Mesmo com um elenco tão consagrado como o que era esperado para a Copa do Mundo no México, a Seleção Brasileira se via cercada de polêmicas e desconfiança em 1970. Ao se recusar a convocar Dadá Maravilha a mando do então presidente Emílio Garrastazu Médici, o então técnico João Saldanha declarou a frase que anos depois continua sendo lembrada. "O presidente escala o ministério dele que eu escalo meu time." Saldanha acabou demitido do cargo em 17 de março, 78 dias antes do Mundial.

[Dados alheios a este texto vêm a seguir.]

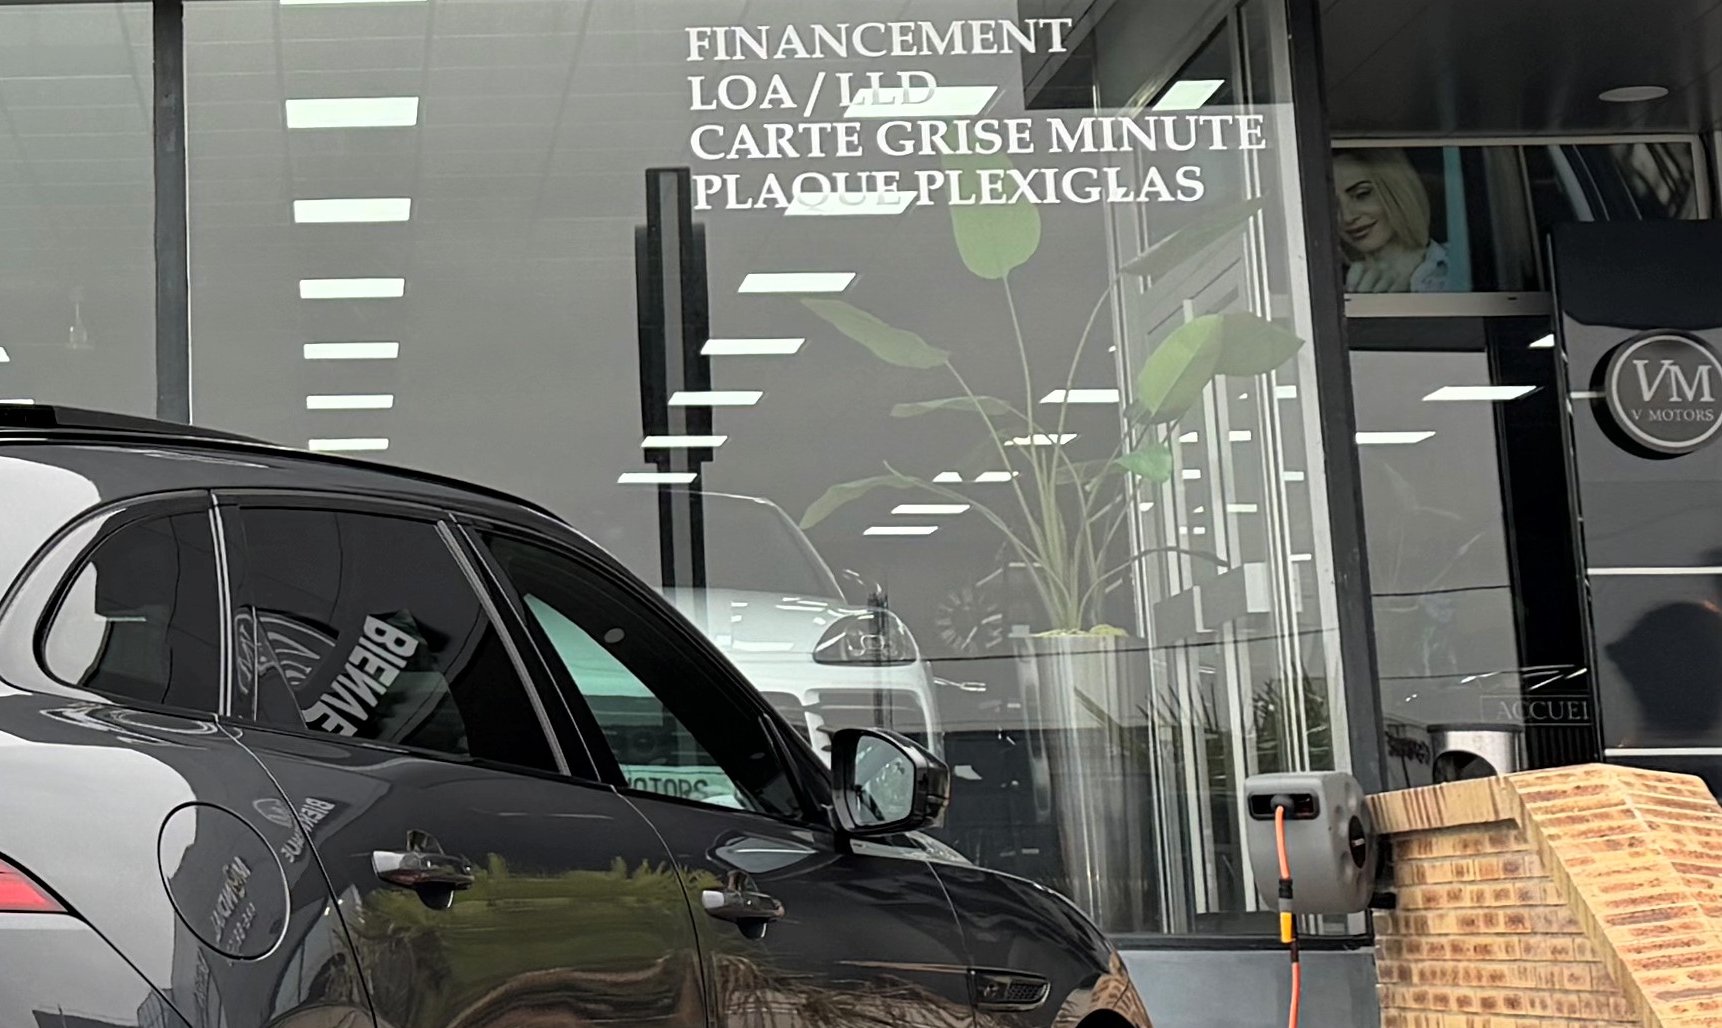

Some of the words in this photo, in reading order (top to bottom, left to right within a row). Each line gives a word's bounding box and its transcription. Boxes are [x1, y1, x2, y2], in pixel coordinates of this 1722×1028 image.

[684, 17, 1073, 61] FINANCEMENT
[689, 121, 863, 160] CARTE
[876, 119, 1035, 156] GRISE
[1046, 114, 1266, 153] MINUTE
[691, 171, 903, 211] PLAQUE
[914, 165, 1206, 206] PLEXIGLAS
[1631, 359, 1716, 402] VM
[1630, 408, 1643, 421] V
[1648, 408, 1715, 422] MOTORS
[627, 776, 709, 799] OTORS
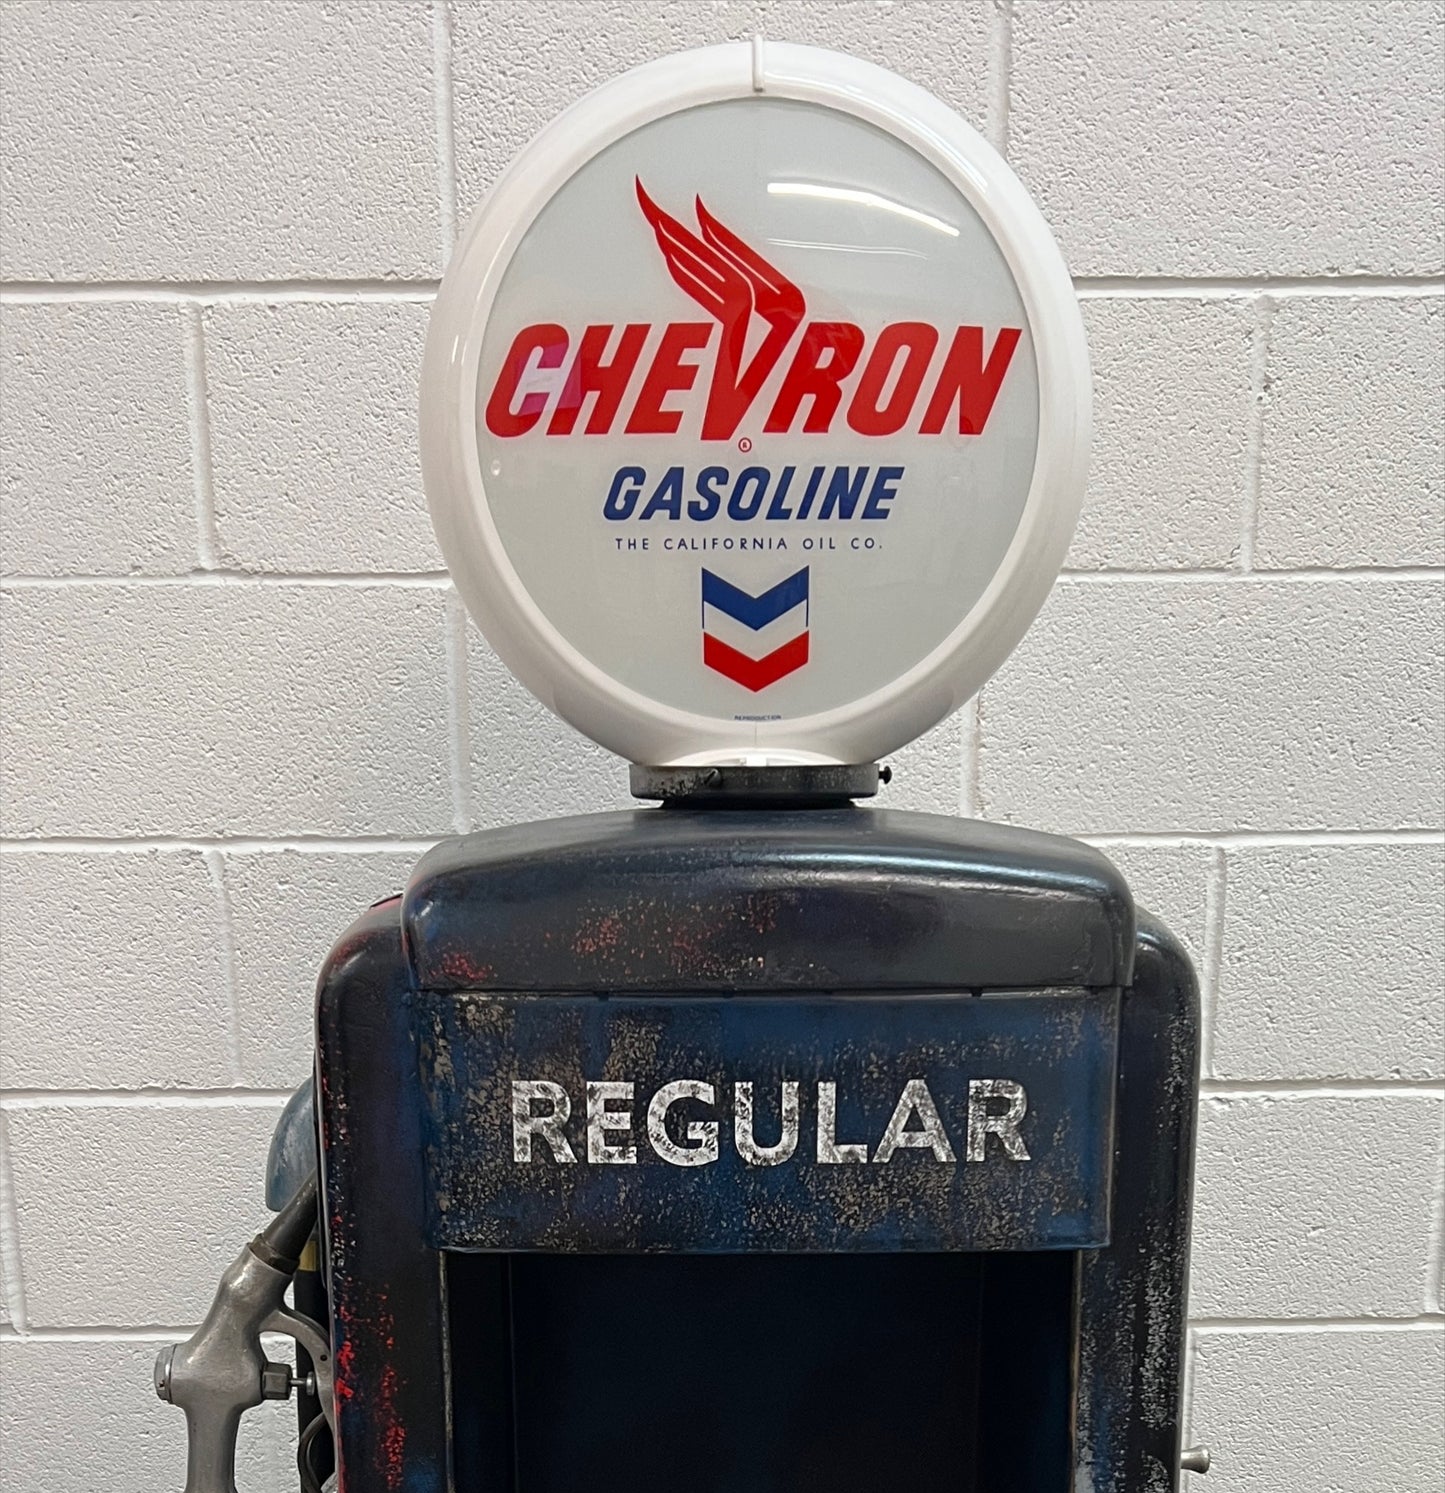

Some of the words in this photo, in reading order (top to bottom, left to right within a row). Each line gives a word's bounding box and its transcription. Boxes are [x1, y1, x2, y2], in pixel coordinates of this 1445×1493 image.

[485, 304, 1022, 441] CHEVRON
[602, 466, 905, 520] GASOLINE
[615, 537, 649, 550] THE
[664, 537, 788, 550] CALIFORNIA
[802, 537, 836, 550] OIL
[850, 537, 883, 550] CO.
[511, 1078, 1032, 1167] REGULAR

E quem assumiu o comando da Seleção foi Zagallo, bicampeão em 1958 e 1962. A mudança, segundo Clodoaldo, foi rapidamente absorvida pelos jogadores.

Clodoaldo, tricampeão pela Seleção Brasileira em 1970
Foto: Reprodução/Rafael Ribeiro/CBF

 “Assim que o Zagallo assumiu, por ele ser um ex-atleta, uma pessoa do futebol, houve uma adaptação bem rápida em relação ao novo comando. Foi bem surpreendente, até pelas mudanças que ele fez, colocando um meia na ponta esquerda, que foi Rivellino, passando Piazza para quarto zagueiro, para que eu pudesse jogar como volante ao lado do Gérson e do próprio Rivellino. Houve uma surpresa, né? Mas houve um entendimento bem rápido." 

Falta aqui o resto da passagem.